Multiple Sulfur Isotope Evidence for Bacterial Sulfate Reduction and Sulfate Disproportionation Operated in Mesoarchaean Rocks of the Karelian Craton

Minerals 2022, 12(9), 1143; https://doi.org/10.3390/min12091143
by Sergey V. Vysotskiy 1, Tatyana A. Velivetskaya 1,*, Aleksandr V. Ignatiev 1, Aleksandr I. Slabunov 2 and Anna V. Aseeva 1
Reviewer 1:
Reviewer 2: Anonymous
Minerals 2022, 12(9), 1143; https://doi.org/10.3390/min12091143
Submission received: 1 July 2022 / Revised: 2 September 2022 / Accepted: 7 September 2022 / Published: 9 September 2022

Round 1

Reviewer 1 Report

review of Vysotskiy et al. (Multiple sulfur isotope evidence for microbially driven processes (bacterial sulfate reduction and sulfur disproportionation) operated in Mesoarchean rocks of the Karelian Craton 

 

General Comments

This paper reports samples from an Archean province in Fennoscandia.  The samples indeed look really interesting with textural, and S isotopic data used to argue for a microbially mediated process in their formation. 

 

The structure of the paper is quite often based around assertions with the assumption of microbial fractionation.  For example in the abstract: “This set of multiple sulfur isotope fractionation data from the Karelian Craton can be considered as traces of microbial life”.  There is a fair bit of circumstantial evidence involved here, but nothing definitive.  The textures (to me anyway) look as though they are most likely microbially mediated.  The S isotopes may be as well, but I get the feeling this paper hasn’t really put it all together and leaves significant gaps in the story (such as the explanation of high d34S), and how the different S isotope generations stayed distinct.

 

While the microstructures look as though they might be microbial, textural information is subject to a lot of interpretations.  As the authors note (line 597), textures are subject of fierce debate, so tread carefully.  Apparently the samples were etched in HNO3 but this is only mentioned in the appendix.  I would have like to have seen greater use of this in the description of the data.

 

There is no mention of Archean photolytic fractionation in the Introduction.  I see this as a significant omission but the photolytic story is used in the discussion so the authors are certainly aware of it.  

 

But also missing from anywhere in the text is the use of 36S to distinguish various sources.  This is an important issue because the photolytic fractionation lies on a slope -1 line (in D33S-D36S space) but microbially mediated fractionations lie on a slope of -7.  Therefore the departure of data from the -1 line (to lower D36S than expected) has been used by Ono et al. to argue for microbial fractionation in the early Archean (e.g.
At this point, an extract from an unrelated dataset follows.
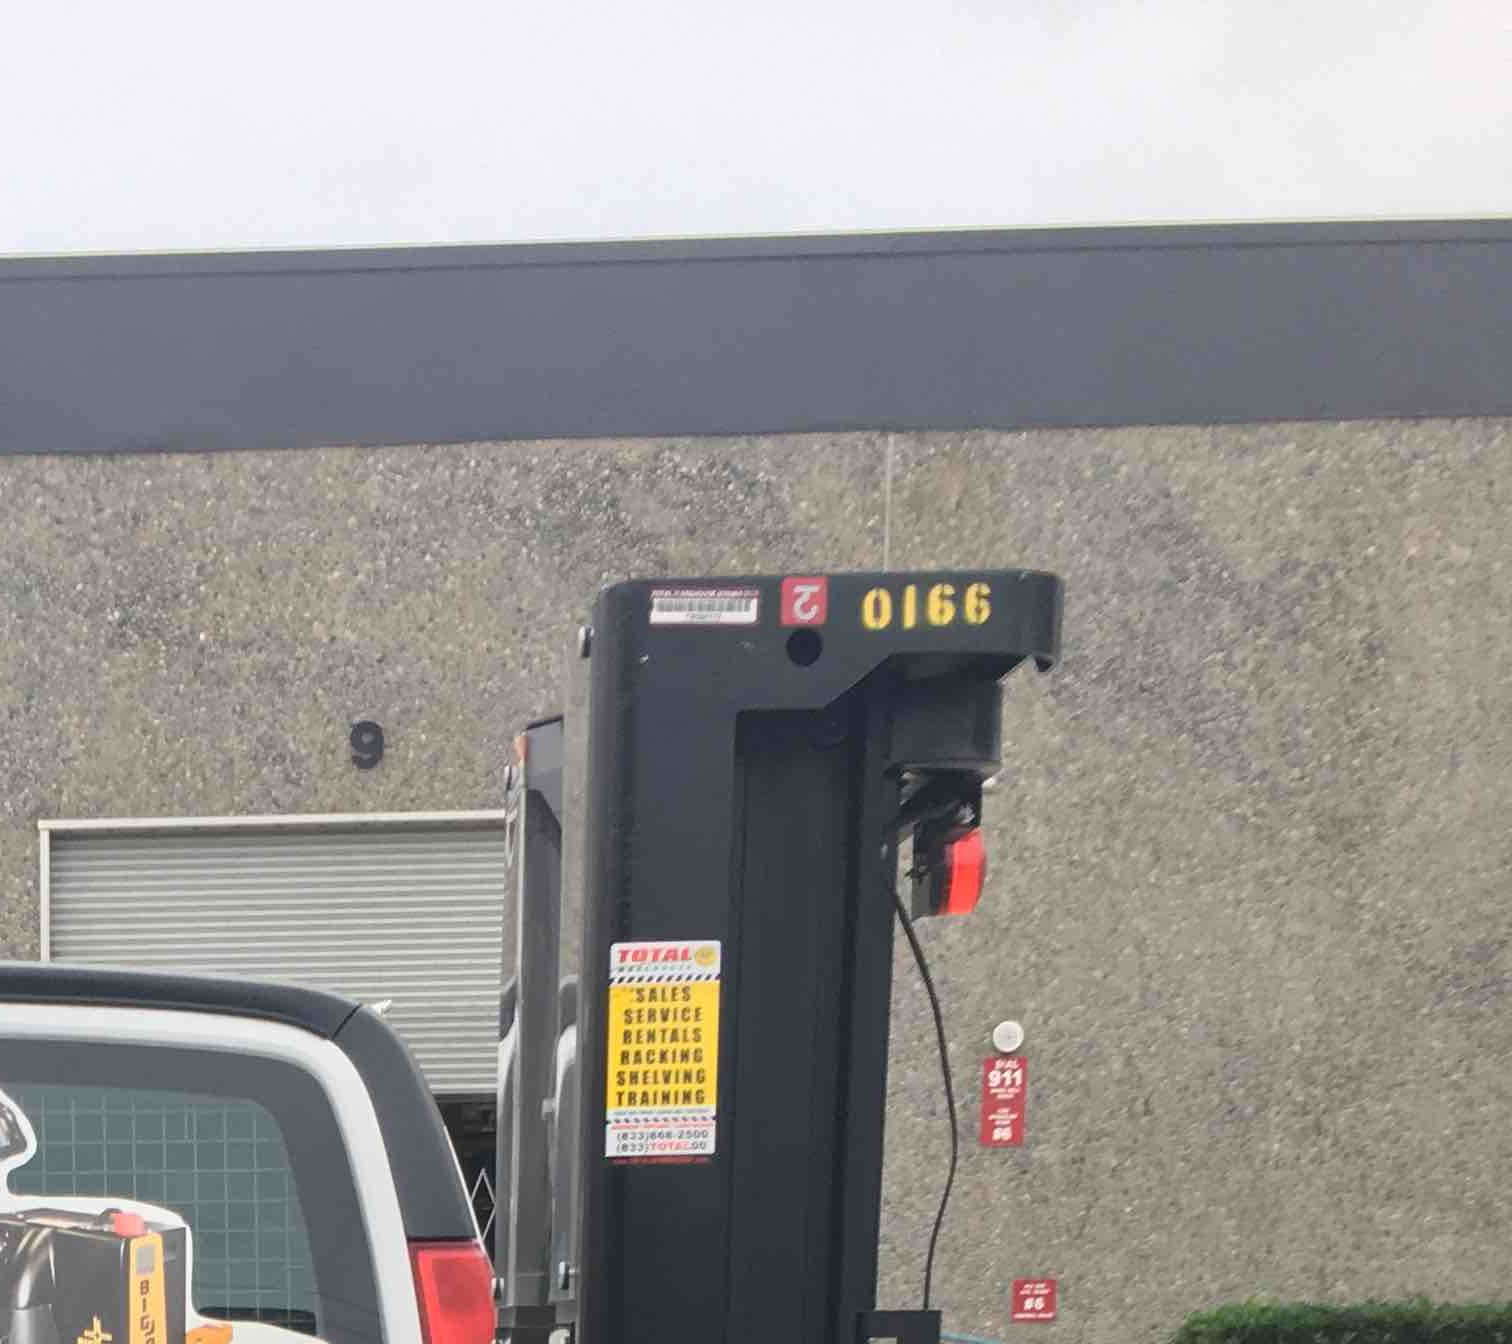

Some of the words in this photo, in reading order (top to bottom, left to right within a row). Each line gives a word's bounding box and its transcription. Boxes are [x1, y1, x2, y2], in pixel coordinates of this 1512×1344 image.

Dresser Formation).  Can 36S measurements be accomplished with this analytical system?  

 

The samples show a reasonably clear distinction in the different populations, save for a few aberrant points (to higher D33S).  Given that the spot is quite large, what are the chances of mixed analyses?  Were the spots revisited after analysis to see if mixing of domains could have occurred?

 

Marcasite was evidently identified in bulk XRD analyses.  I would suspect that it would have a quite different etching response.  Was this noted at all?

 

Specific comments:

L26 Main point of paper is S isotope systematics, but data is not really put in to context in abstract.  No mention of how the reservoirs formed in the abstract in terms of D33S.  No mention of photolysis.  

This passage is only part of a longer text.